Protesters began suspecting that police and Chinese regime spies were hiding among them after Hong Kong officials admitted that officers disguised themselves as protesters – wearing black shirts, construction hats, and surgical masks – and then intentionally sparked violent incidents at peaceful protests, beating and arresting protesters without properly identifying themselves.

Hong Kong’s Apple Daily reported Wednesday that the Airport Authority injunction specifically bans anyone from “interfering with the normal use of the Hong Kong International Airport,” which bans not only sit-ins at airport gates but any attempts to block roads to the airport or prevent anyone from reaching their flights or leaving the airport after landing. It limits protesting only to areas designated by authority, which will choose to place them where they will not obstruct passengers trying to catch flights or leave their arrival gates. The Morning Post adds that the injunction also prohibits anyone from “inciting” such behavior, which extends its legal power to individuals not present at the airport but urging more action. Violating the court order could result in prison time.

Speaking to the Morning Post, Senior Counsel Anson Wong Man-kit said that the injunction makes the Airport Authority’s policies for keeping the peace at the airport into enforceable law. As a court has mandated regular operations at the airport, police now have the responsibility to act to enforce the court order. This may take some pressure off of the Airport Authority from pro-China sources.
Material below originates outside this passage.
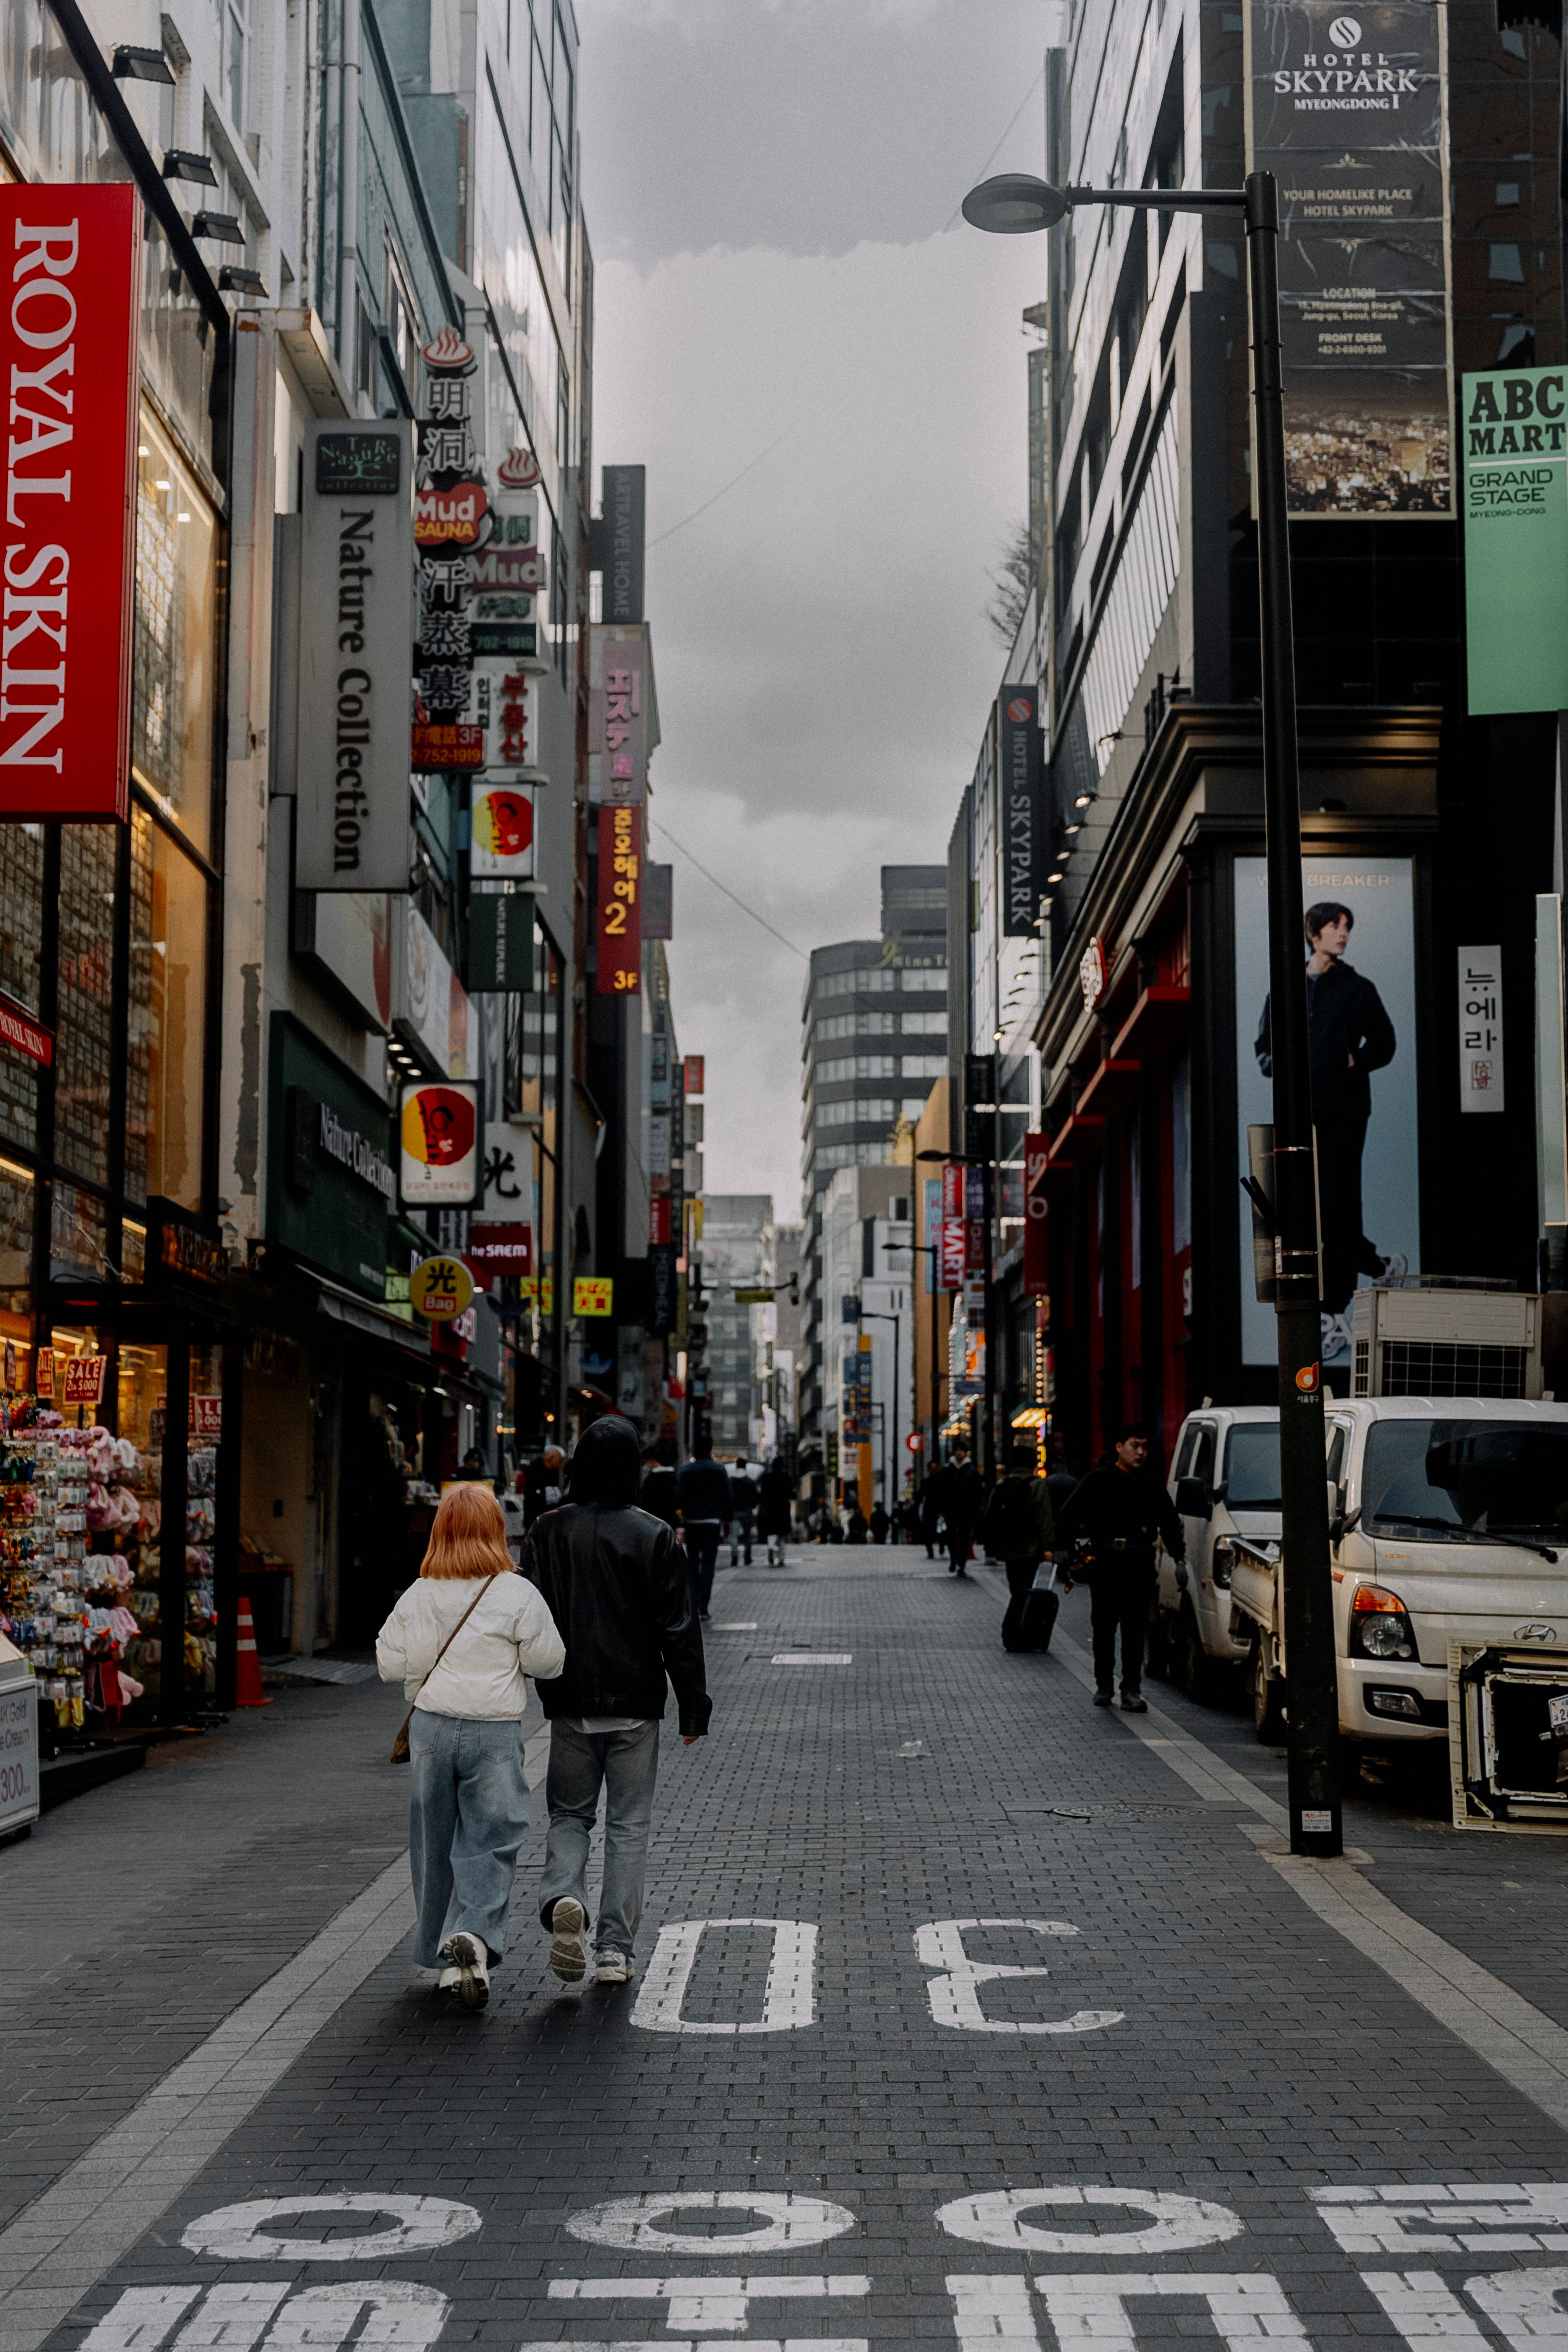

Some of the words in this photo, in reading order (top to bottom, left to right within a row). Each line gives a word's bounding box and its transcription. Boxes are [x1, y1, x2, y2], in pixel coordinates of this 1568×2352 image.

The Global Times pointedly noted on Wednesday that authorities did not answer their questions regarding why they allowed a peaceful assembly in the airport at all.

The current wave of protests in the southern Chinese city began in early June in response to a legislative bill that would have allowed China to extradite into communist territory anyone accused of violating Communist Party law. The bill would not have discriminated between Hong Kong residents, Chinese citizens, and foreigners, and it was not clear if it gave Beijing the power to disappear into its notorious prisons anyone who publicly criticized the Communist Party or worshipped outside of the confines of the “patriotic” communist religious institutions. Protesters argued that the bill made it possible for China to enforce its laws on Hong Kong soil, a violation of the “One Country, Two Systems” policy that China agreed to when the United Kingdom handed over sovereignty of the city in 1997.
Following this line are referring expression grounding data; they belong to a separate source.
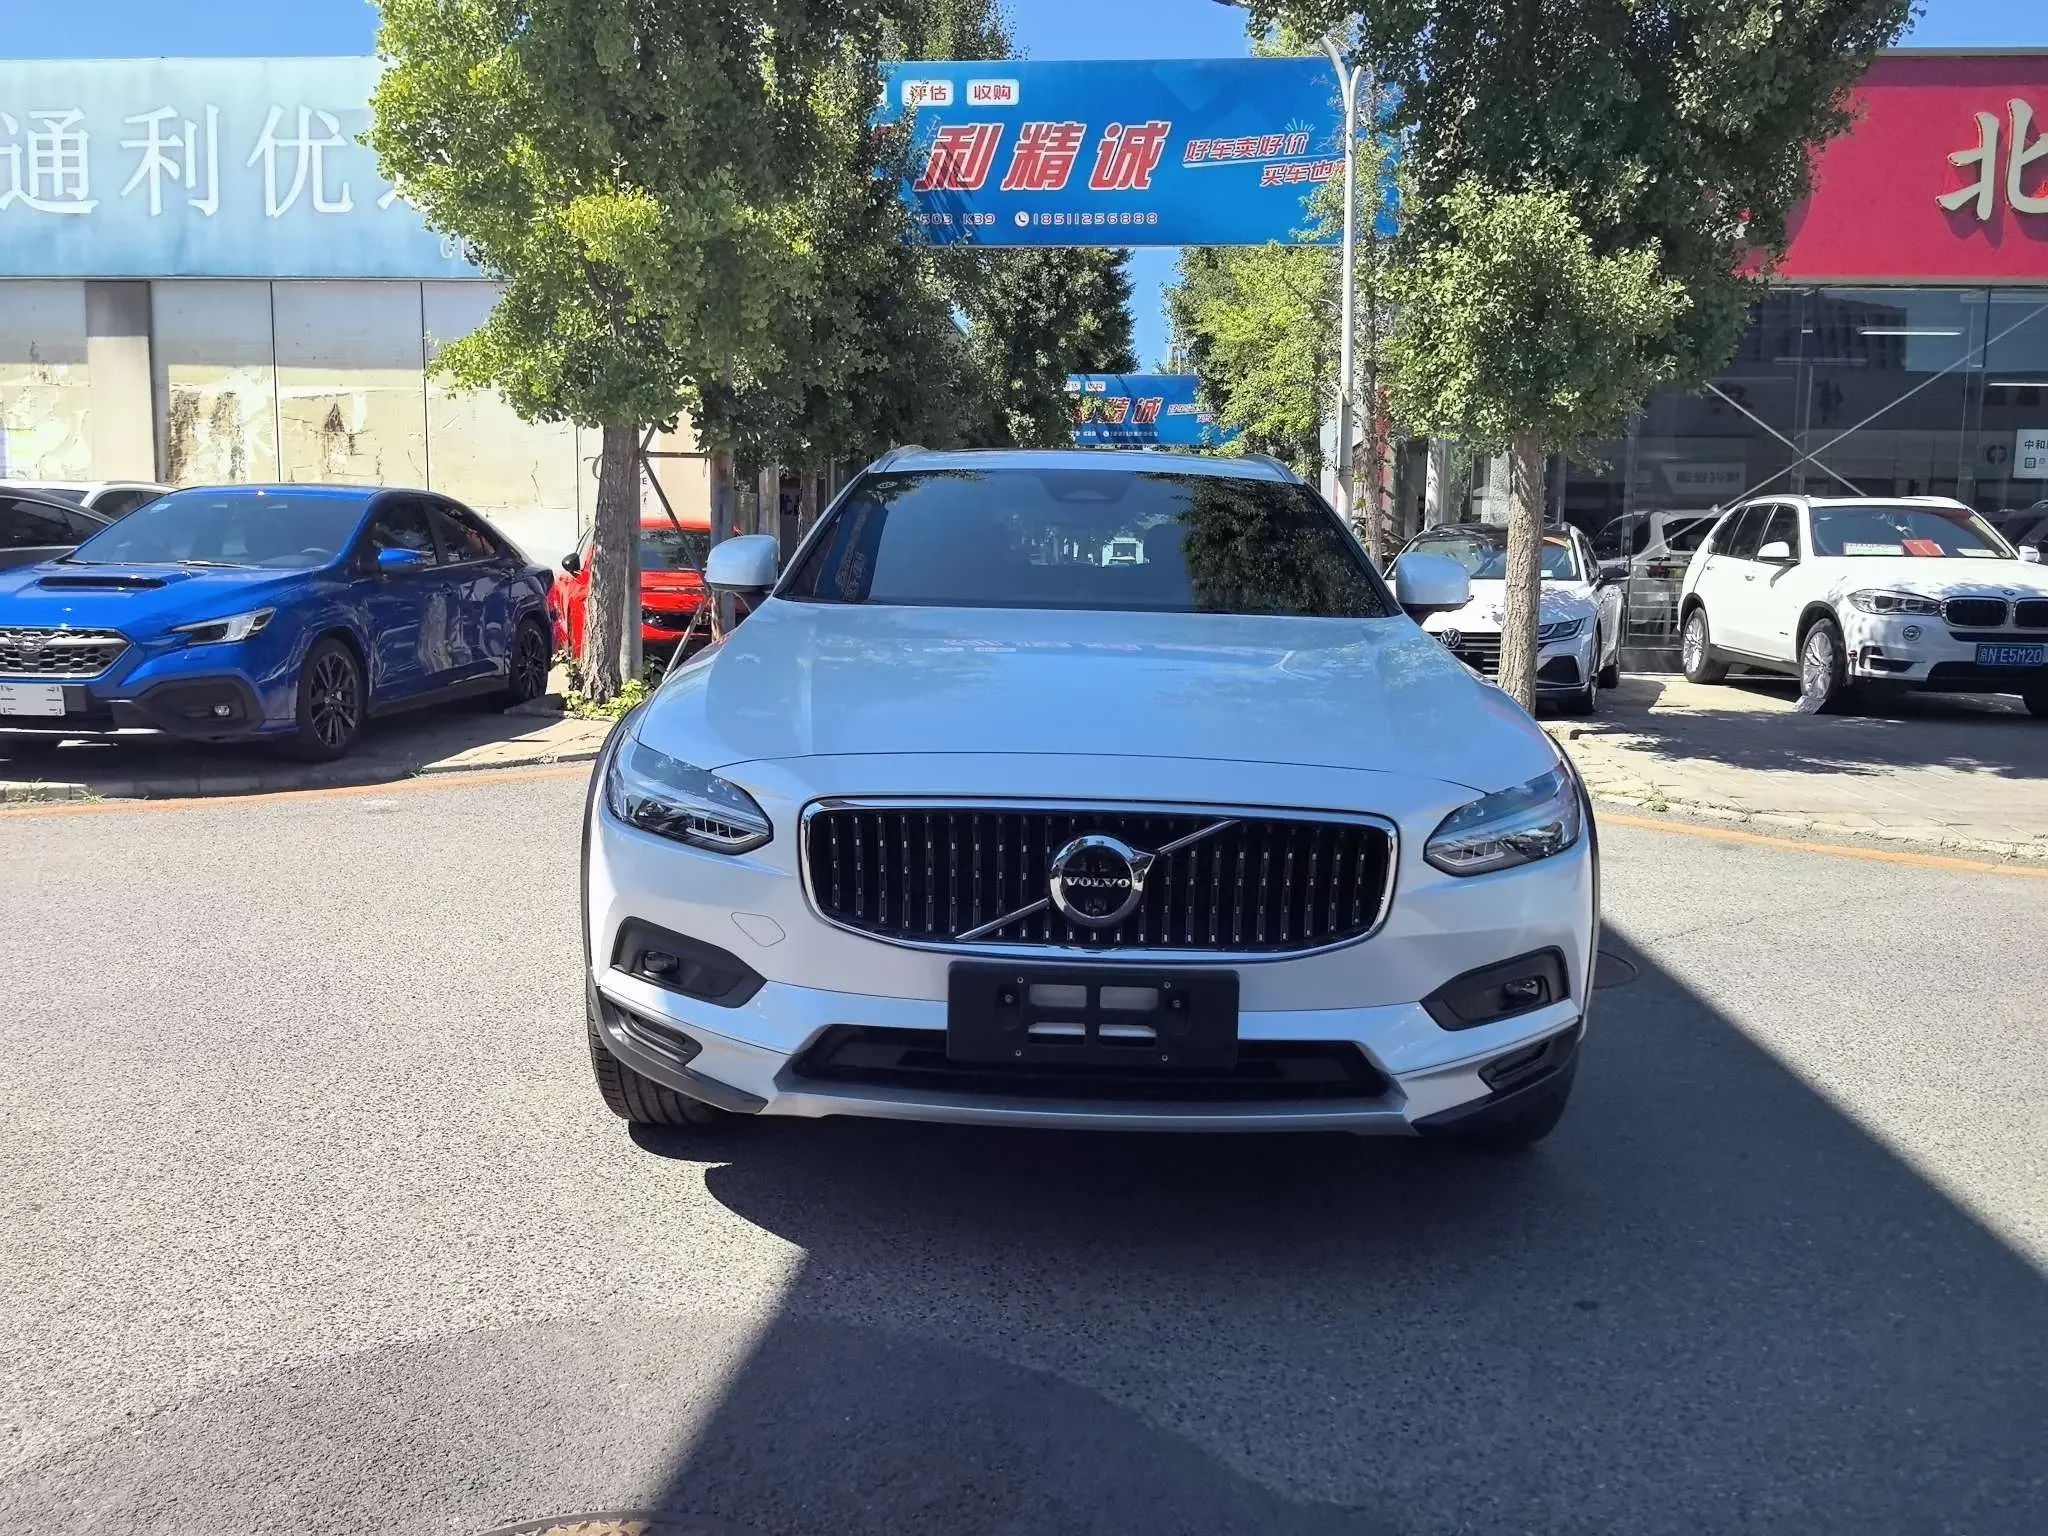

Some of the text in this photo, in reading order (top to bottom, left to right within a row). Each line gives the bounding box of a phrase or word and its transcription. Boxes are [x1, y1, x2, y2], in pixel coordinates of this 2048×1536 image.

[909, 84, 1011, 100] 评估 收购
[1183, 132, 1309, 162] 好车卖好价
[0, 103, 415, 218] 通利优
[871, 120, 1172, 192] 利精诚
[1935, 98, 2048, 221] 北
[962, 213, 996, 225] K39
[1033, 213, 1158, 225] 18511256888
[2024, 440, 2048, 450] 中和
[1064, 877, 1130, 888] VOLVO
Hong Kong Chief Executive Carrie Lam announced in June that the Legislative Council (LegCo) would table the bill in response to the protests, triggering even larger protests, as tabling the bill makes it possible for lawmakers to revive it at any time. In response to police attacks on peaceful protesters, the pro-democracy movement has established five demands for its government: a full withdrawal of the extradition law, freedom for imprisoned protesters, an independent investigation into police brutality, a government apology for calling the June 12 march a “riot,” and direct election of all Hong Kong lawmakers to prevent another situation like that surrounding the extradition bill.

The Chinese Communist Party and its propaganda arms have repeatedly referred to protesters as “rioters,” this week escalating the name-calling to “mobsters.” The Global Times, in particular, has called for police to show “zero tolerance” against the protesters and, in the aftermath of the attack on Fu Guohao, branded them “terrorists.”

“The whole newsroom of the Global Times was outraged by rioters treating our reporter in such an inhumane way and strongly condemned the act, which could be considered terrorism,” the Times wrote on Wednesday in a piece attacking Apple Daily for allegedly revealing that Fu had identified himself as a “tourist” to protesters while antagonizing them. The Apple Daily report would explain why protesters stole Fu’s bag and rummaged through it to find identification showing him to be a journalist.

The police entered the airport around 11 p.m. local time Tuesday in response to the Airport Authority, which received calls for medical attention for the unidentified man the protesters tied up.

Police arrested five individuals in the raid. Journalists present during the melee said it appeared that police were targeting specific individuals for detention, not indiscriminately arresting protesters.